When asked how he could justify cutting and pasting other peoples' work into a book and selling it for $39.95, Evans claimed that he got permission to use the articles he included.

He also says he didn't put his by-line or name on the book, so he's in the clear. Indeed, my by-line remained on my articles as reproduced in his book. You can read his ridiculous ramblings on the subject here.

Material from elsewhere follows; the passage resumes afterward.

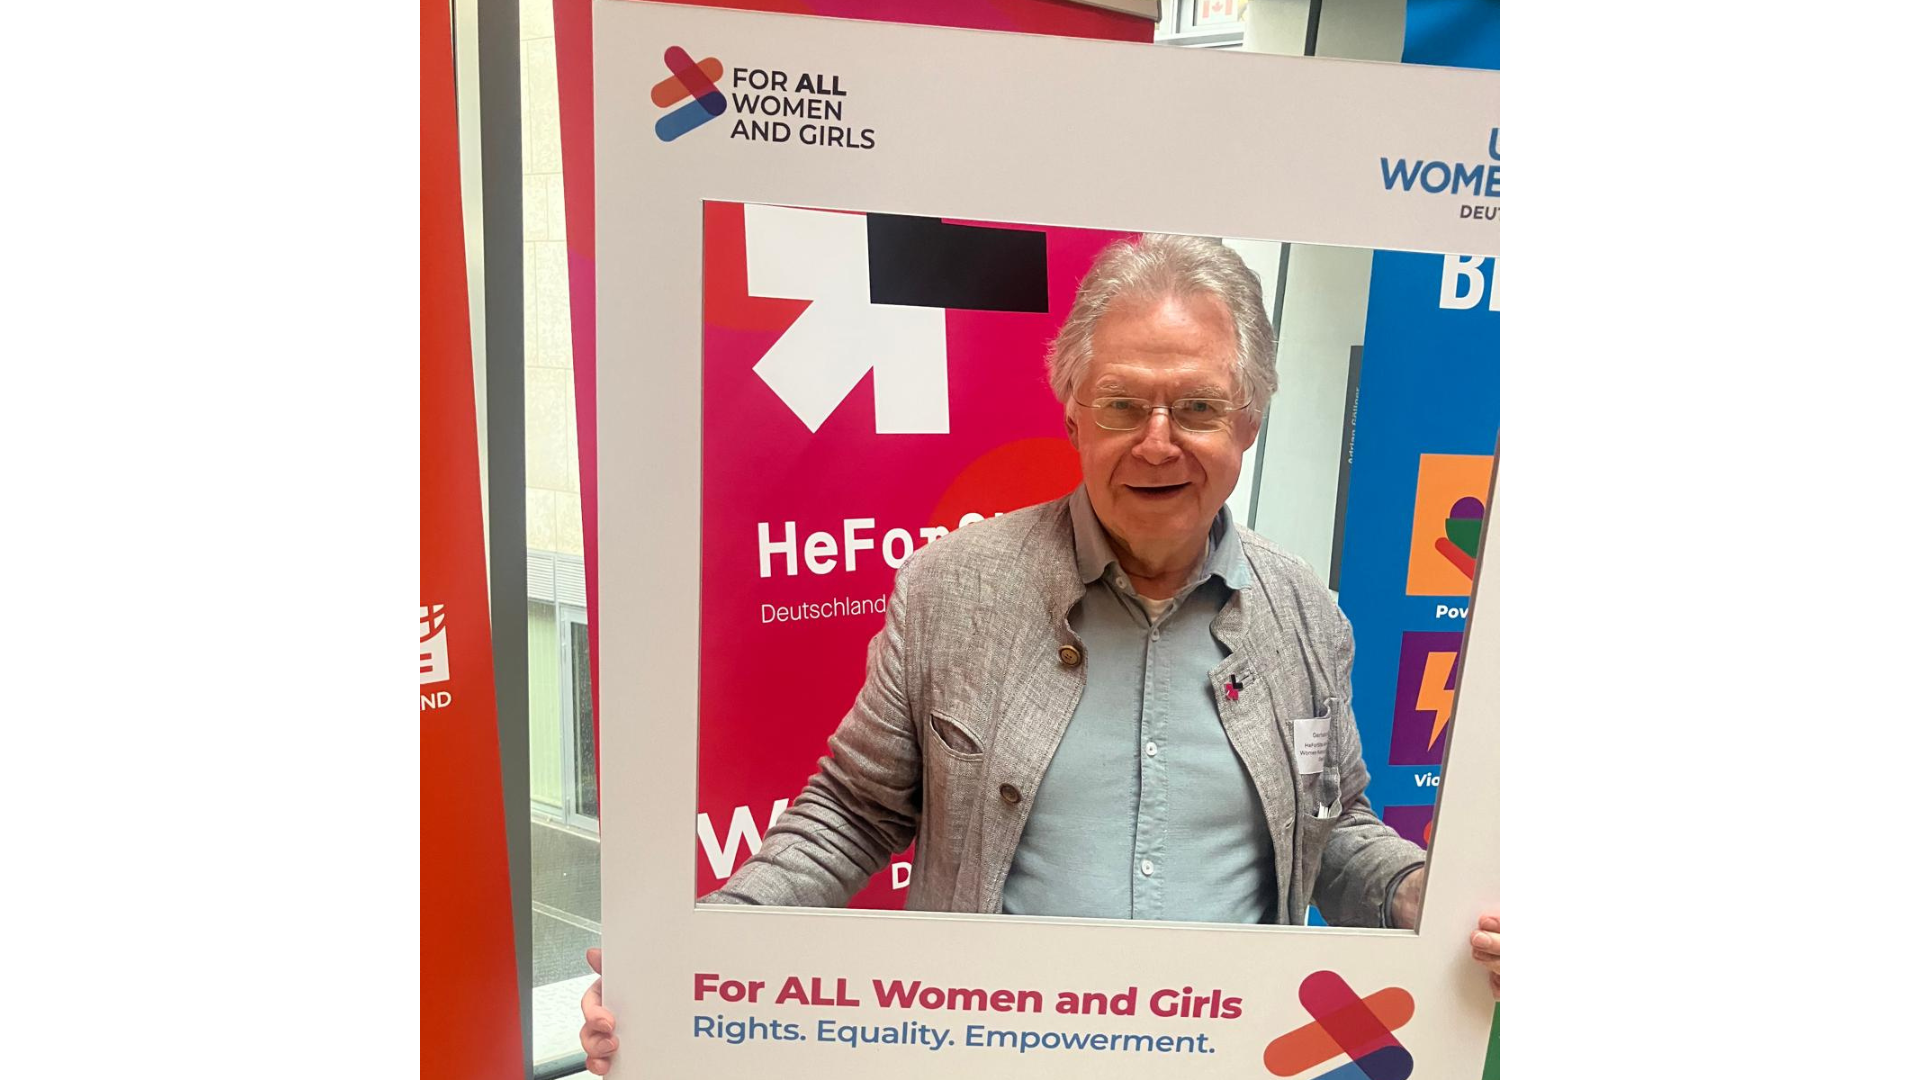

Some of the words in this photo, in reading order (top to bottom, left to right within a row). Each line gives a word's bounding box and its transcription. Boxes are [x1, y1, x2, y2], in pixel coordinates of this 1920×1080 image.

Anyhoo, I thought I'd make 110% sure that permission wasn't given to Evans to use my articles in his book. I asked ZDNet Australia if someone over there gave Evans permission to reprint my work. Here's the response I received from the house of Z's Editorial Director Brian Haverty:

After checking with the global offices of ZDNet, I have found that the ZDNet content that appears in Gregory Evans' 'Hi-Tech Hustler Scrapbook' was not used with the permission of any authorised employee. If Mr Evans purports to have any evidence of permission being granted, we would very much like to see it.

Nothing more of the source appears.